L’indice de l’administration numérique de l’OCDE (Digital Government Index, ou DGI) évalue les efforts déployés par les pouvoirs publics pour poser les bases nécessaires à une transformation numérique cohérente et centrée sur l'humain du secteur public. Il suit la mise en œuvre de la Recommandation du Conseil de l'OCDE sur les stratégies numériques gouvernementales (OCDE, 2014[1]) et s’appuie sur les travaux menés de longue date par l’OCDE, qui recommandent aux autorités d’élaborer des stratégies de développement des technologies et des données numériques afin d’améliorer et de décloisonner les services publics et leurs activités, mais aussi de renforcer la confiance dans les institutions publiques, conformément au Cadre d’action de l’OCDE sur l’administration numérique (DGPF) (OCDE, 2020[2]).

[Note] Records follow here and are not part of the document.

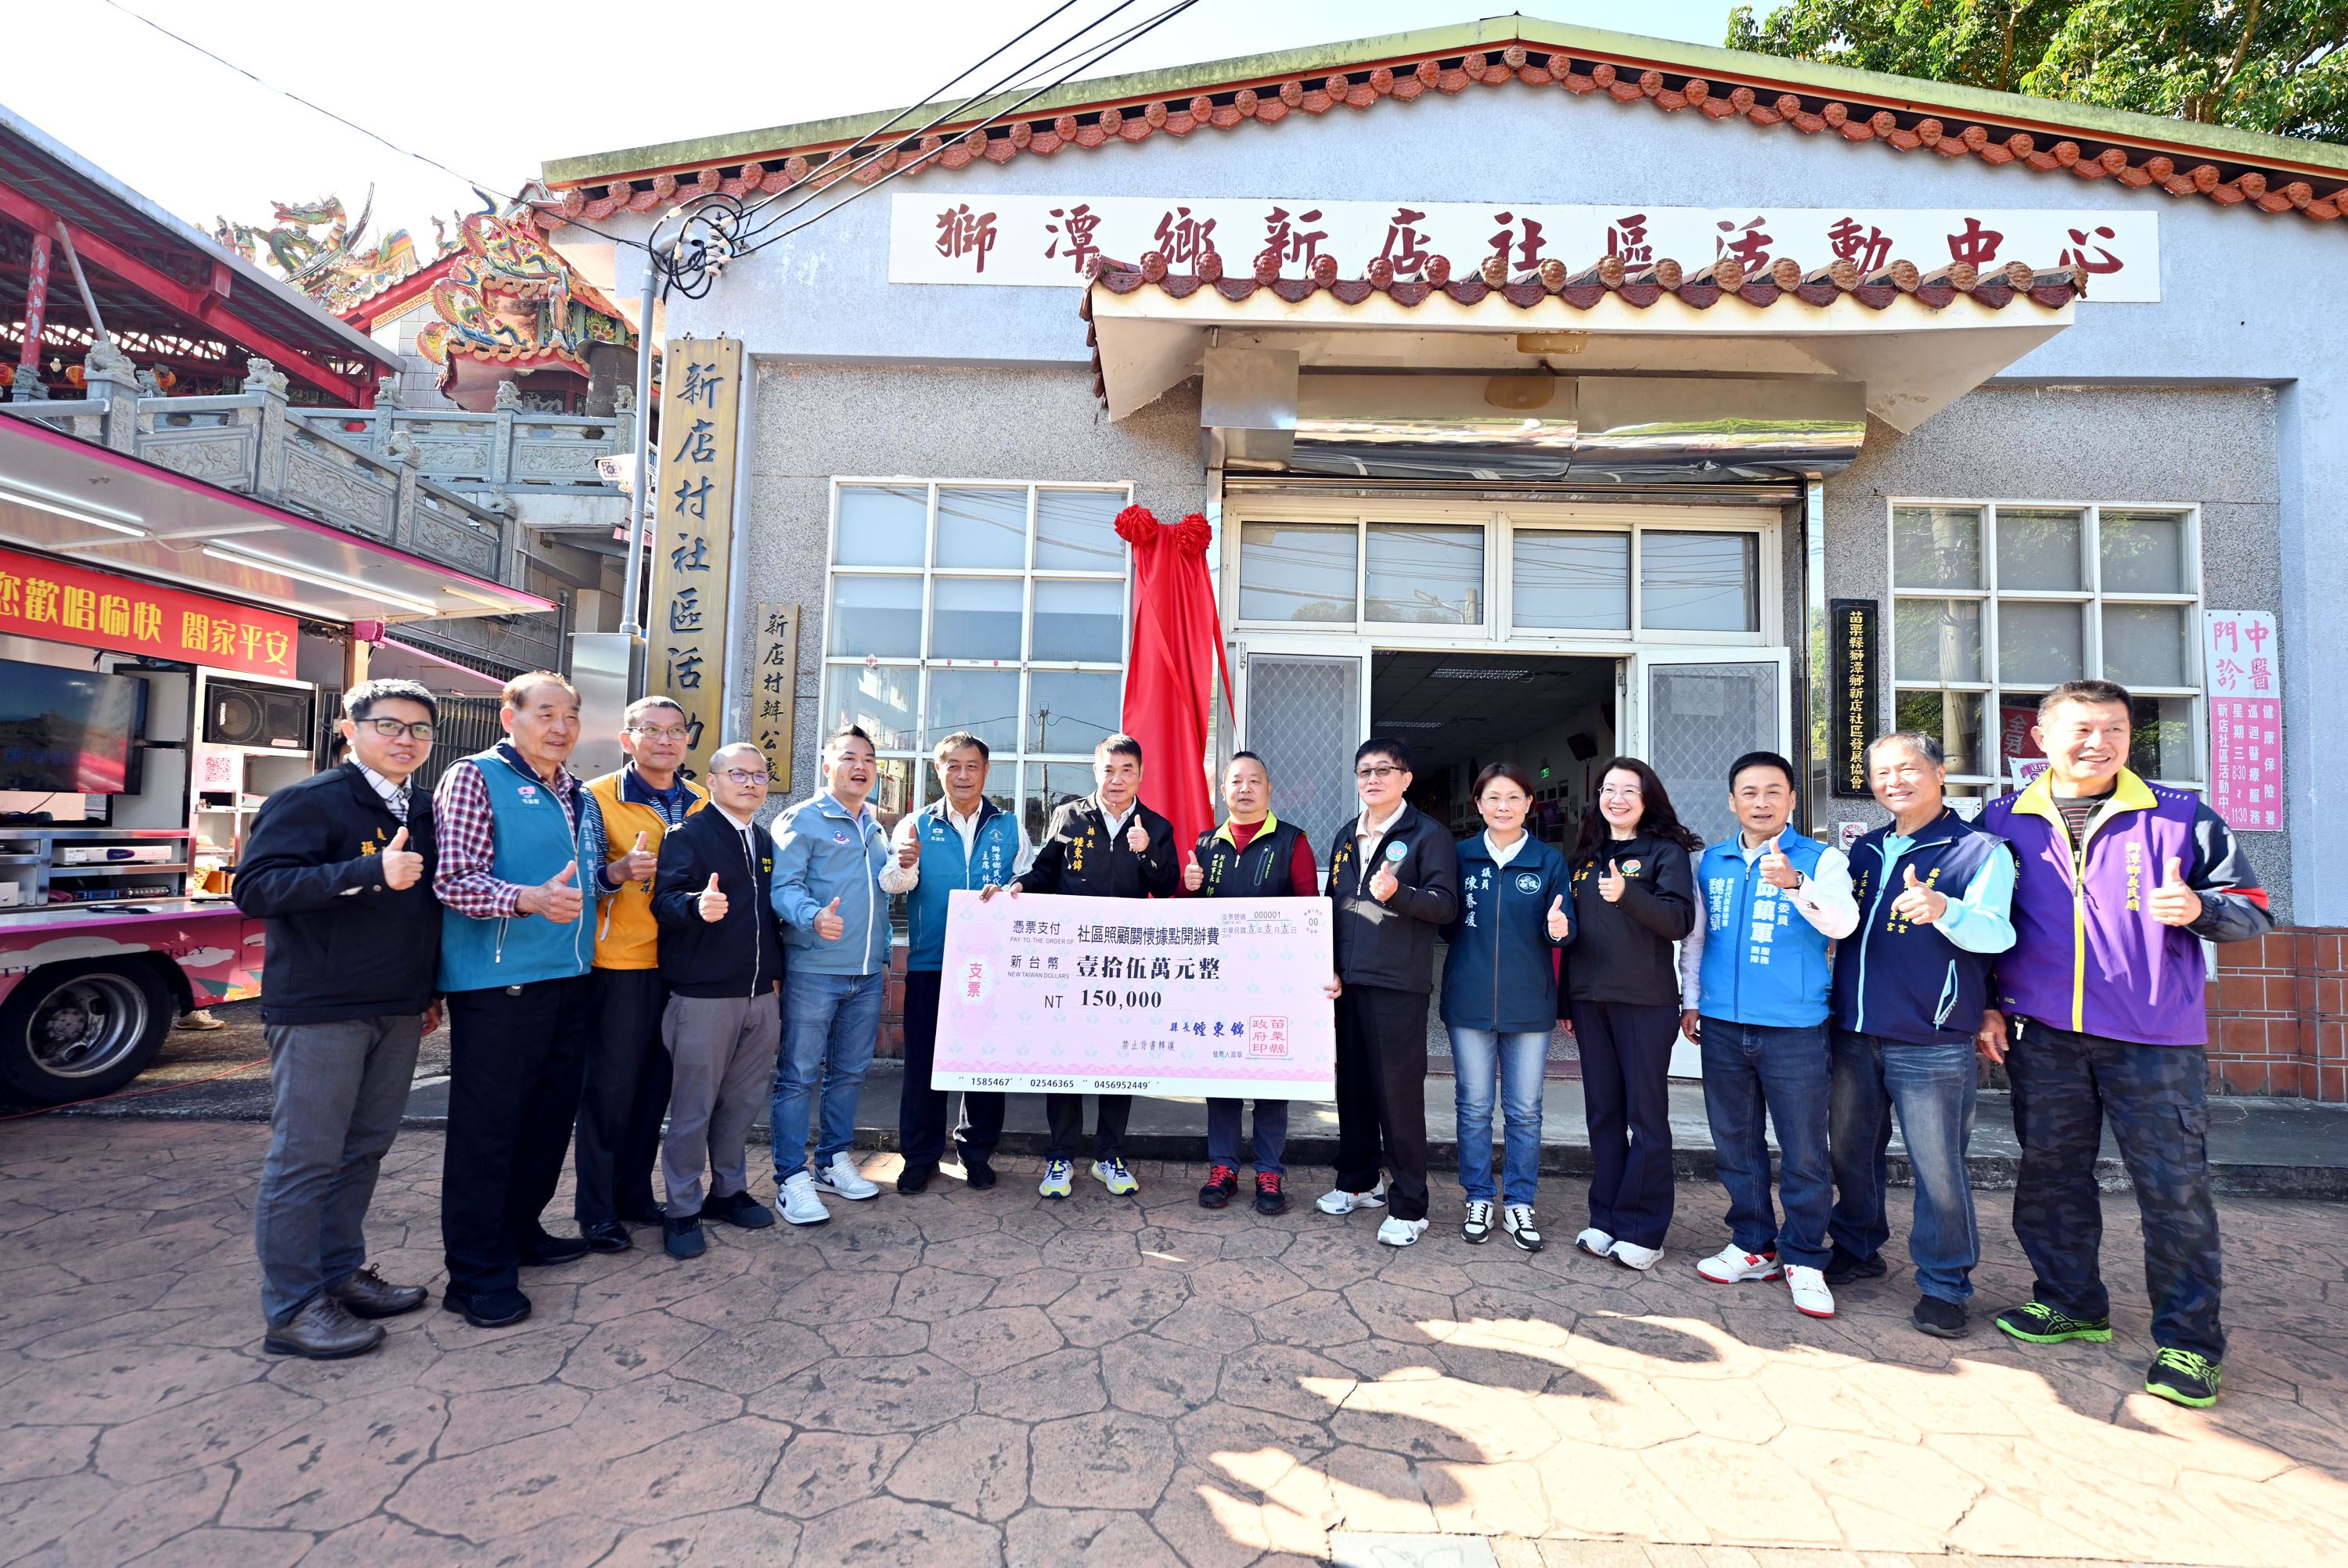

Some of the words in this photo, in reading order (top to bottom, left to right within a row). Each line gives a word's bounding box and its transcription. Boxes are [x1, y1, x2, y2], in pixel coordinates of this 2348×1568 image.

[935, 203, 2125, 276] 獅潭鄉新店社區活動中心
[0, 570, 162, 643] 您歡唱愉快
[182, 610, 289, 667] 閤家平安
[2213, 620, 2245, 692] 門診
[2245, 620, 2271, 691] 中醫
[1849, 610, 1865, 789] 苗栗縣獅潭鄉新店社區發展協會
[2217, 703, 2230, 823] 新店社區活動中心
[2248, 704, 2260, 823] 巡迴醫療服務
[2263, 704, 2275, 825] 健康保險署
[1013, 920, 1061, 935] 憑票支付
[1077, 924, 1219, 946] 社區照顧關懷據點開辦費
[1254, 911, 1280, 919] 000001
[1464, 875, 1478, 927] 陳春暖
[967, 963, 983, 998] 支票
[1010, 955, 1059, 969] 新台幣
[1076, 955, 1220, 980] 壹拾伍萬元整
[1044, 995, 1064, 1009] NT
[1081, 990, 1161, 1009] 150,000
[1030, 1079, 1074, 1088] 02546365

Ce cadre définit la méthodologie à employer et le périmètre de l’enquête à réaliser pour cet indice, en couvrant les six dimensions de la maturité numérique dans le secteur public.
Conception numérique : lorsque les autorités mettent en place des structures claires, associées à des mécanismes de coordination et d'application efficaces, où le « numérique » n'est pas seulement considéré comme une question technique, mais comme un élément de transformation obligatoire qui doit être intégré dans tous les processus d'élaboration des politiques.
Secteur public fondé sur les données : lorsque les autorités reconnaissent que les données constituent un atout stratégique essentiel pour créer de la valeur publique à travers leur application à la planification, à la mise en œuvre et au suivi des politiques publiques, qu'elles prennent des mesures pour les administrer et qu'elles adoptent des règles et des principes éthiques pour les réutiliser en toute confiance et en toute sécurité.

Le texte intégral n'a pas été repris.